Pingdemic is probably not a word you're familiar with if you're based outside the UK. If you work in London, however, it's the word of the moment and refers to the frequency of 'pings' from the NHS COVID tracking app. In the week to July 7, more than half a million people in the UK were pinged by the app and told to quarantine for 10 days after being in contract with someone who'd tested positive for the virus. This prompted complaints that businesses were unable to function due to staff shortages, resulting in an announcement today that the pingdemic will come to a premature end on August 16, when double vaccinated will be absolved of the need to quarantine whether they're pinged or not...
None of this will matter to London's banks, however. They have avoided the pingdemic from the start.
Even though the NHS specifically says that the app should be used even in workplaces that are 'COVID secure' and encourages employers to create their own QR codes so that employees can log in when they arrive, none of the banks we spoke to in London require employees to register via the government app. Instead, they have been making their own arrangements.
As a result, the presence of COVID-positive employees in banks will not generate government pings. Nor has it ever done.
"There's nothing about the NHS app in the lobby," says one JPMorgan London employee. "We just have to register that we're not exhibiting symptoms before we go in."
JPMorgan declined to comment. It's understood that the bank has 25%-30% of its staff in the London office currently, reflecting holiday arrangements and the fact that employees are still able to work flexibly over the summer. Instead of the government COVID app, JPM requires employees coming to the office to visit a Daily Health Check web portal COVID symptoms, and to confirm that they don't have them.
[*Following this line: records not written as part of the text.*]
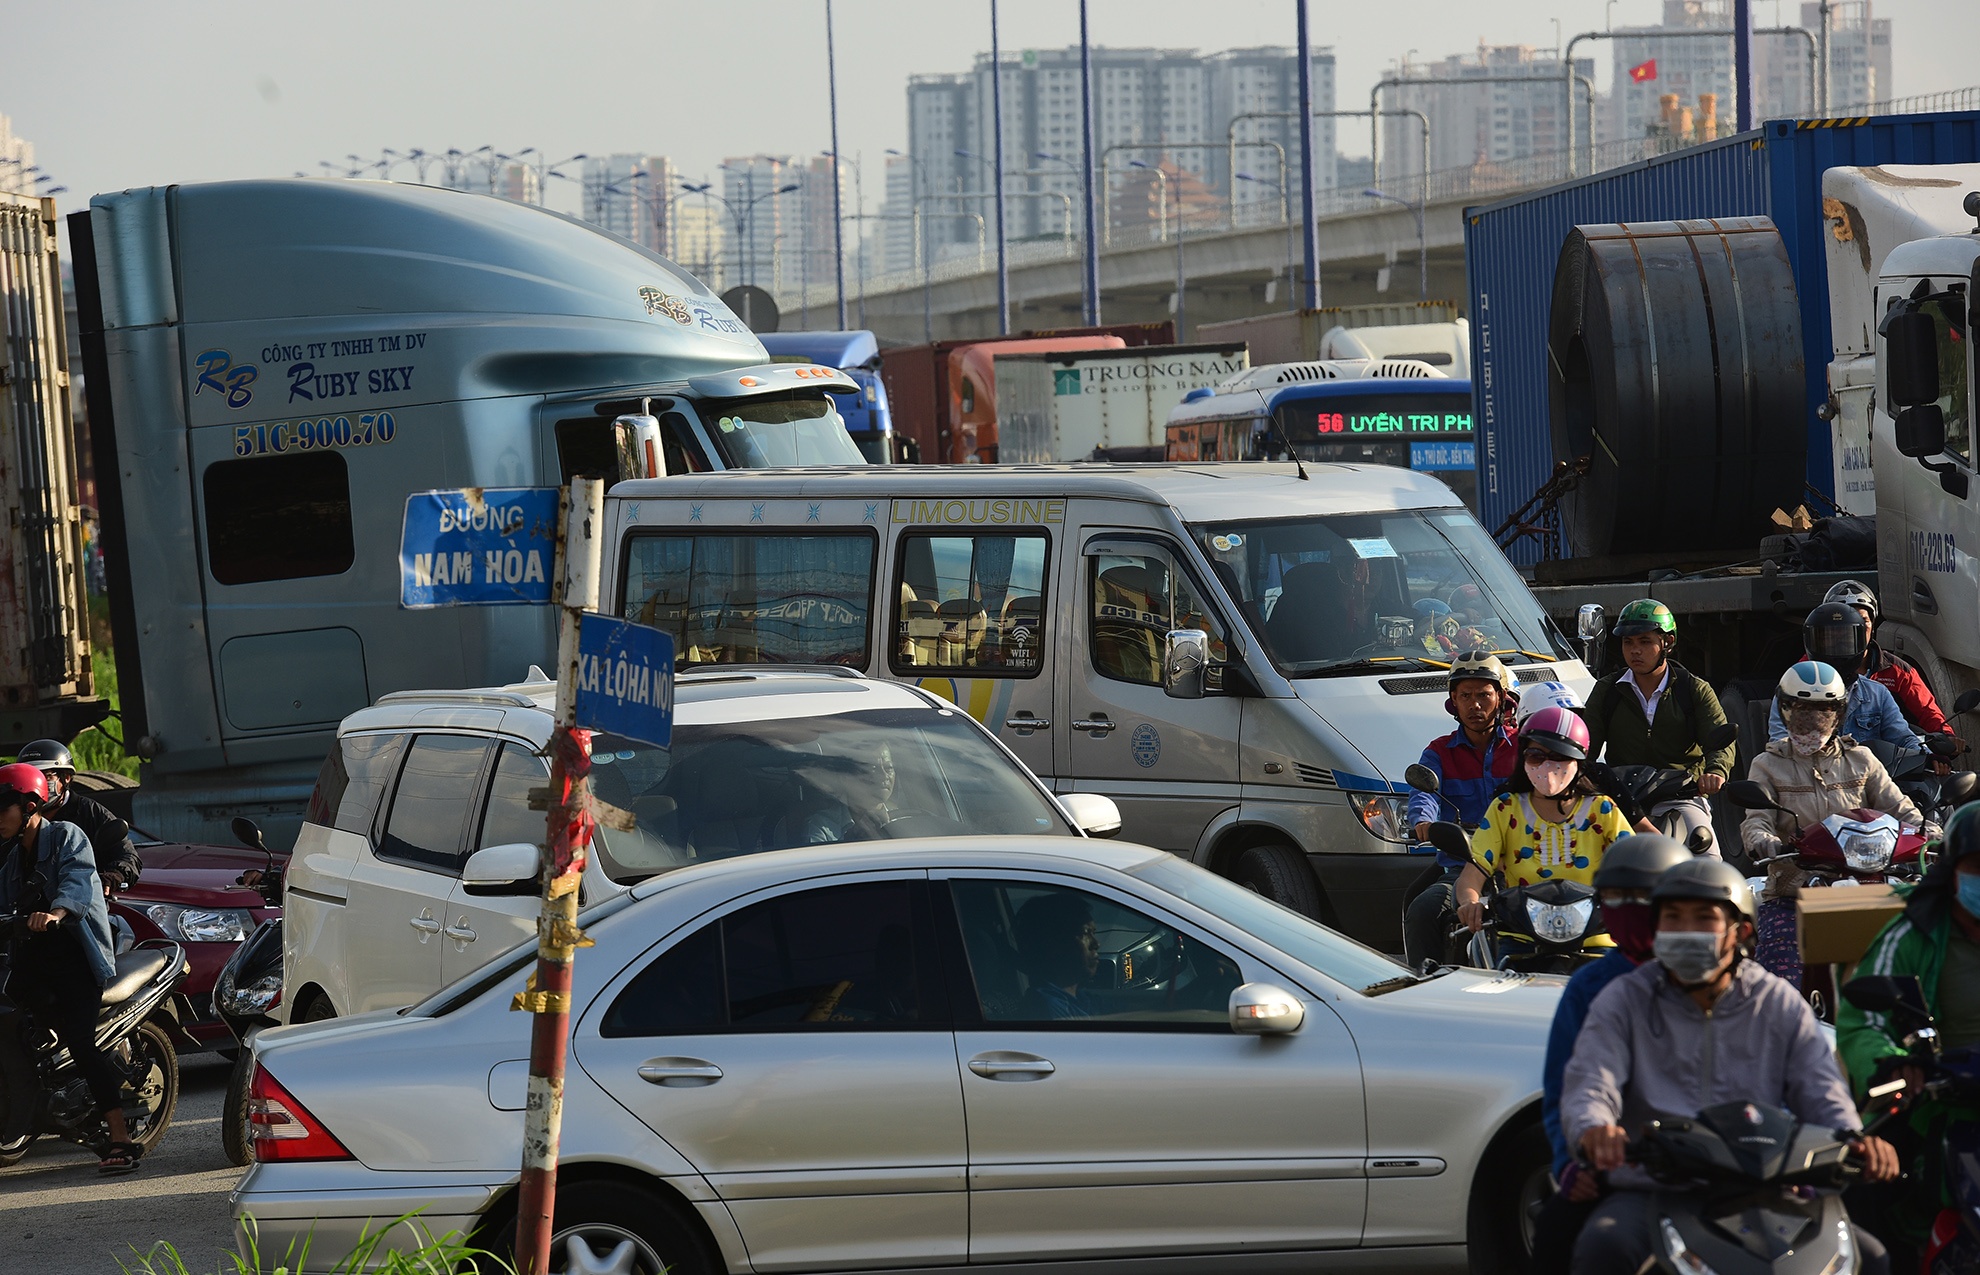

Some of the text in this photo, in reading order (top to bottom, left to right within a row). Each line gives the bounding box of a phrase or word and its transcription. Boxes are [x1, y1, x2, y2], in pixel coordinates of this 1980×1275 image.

[262, 333, 427, 363] CÔNG TY TNHH TM DV
[287, 362, 414, 404] RUBY SKY
[1084, 360, 1244, 382] TRUONG NAM
[235, 411, 397, 457] 51C-900.70
[1317, 413, 1344, 433] 56
[1351, 412, 1403, 432] UYỄN
[1407, 415, 1439, 432] TRI
[891, 500, 1065, 524] LIMOUSINE
[414, 539, 545, 587] NAM HÒA
[1909, 530, 1956, 573] 61C-229.63
[1011, 649, 1030, 658] WIFI
[577, 653, 600, 693] XA
[652, 662, 673, 719] NỘI
Other banks do the same. HSBC, Goldman Sachs and Deutsche Bank have also made their own arrangements, which include confirming that you have no symptoms on a portal and regular testing. Line managers are expected to inform employees if colleagues are positive. UBS, Morgan Stanley and Citi didn't respond to a request to comment on their procedures.
The upshot, though, appears to be that as banks return staff to their offices, UK employees have been protected against the cascade of pings sending staff in other sectors back home. At the height of the so-called pingdemic, the NHS app pinged anyone who'd been within with two metres of a person who tested positive for COVID-19 for 15 minutes or more. Banks' own systems were almost certainly less sensitive.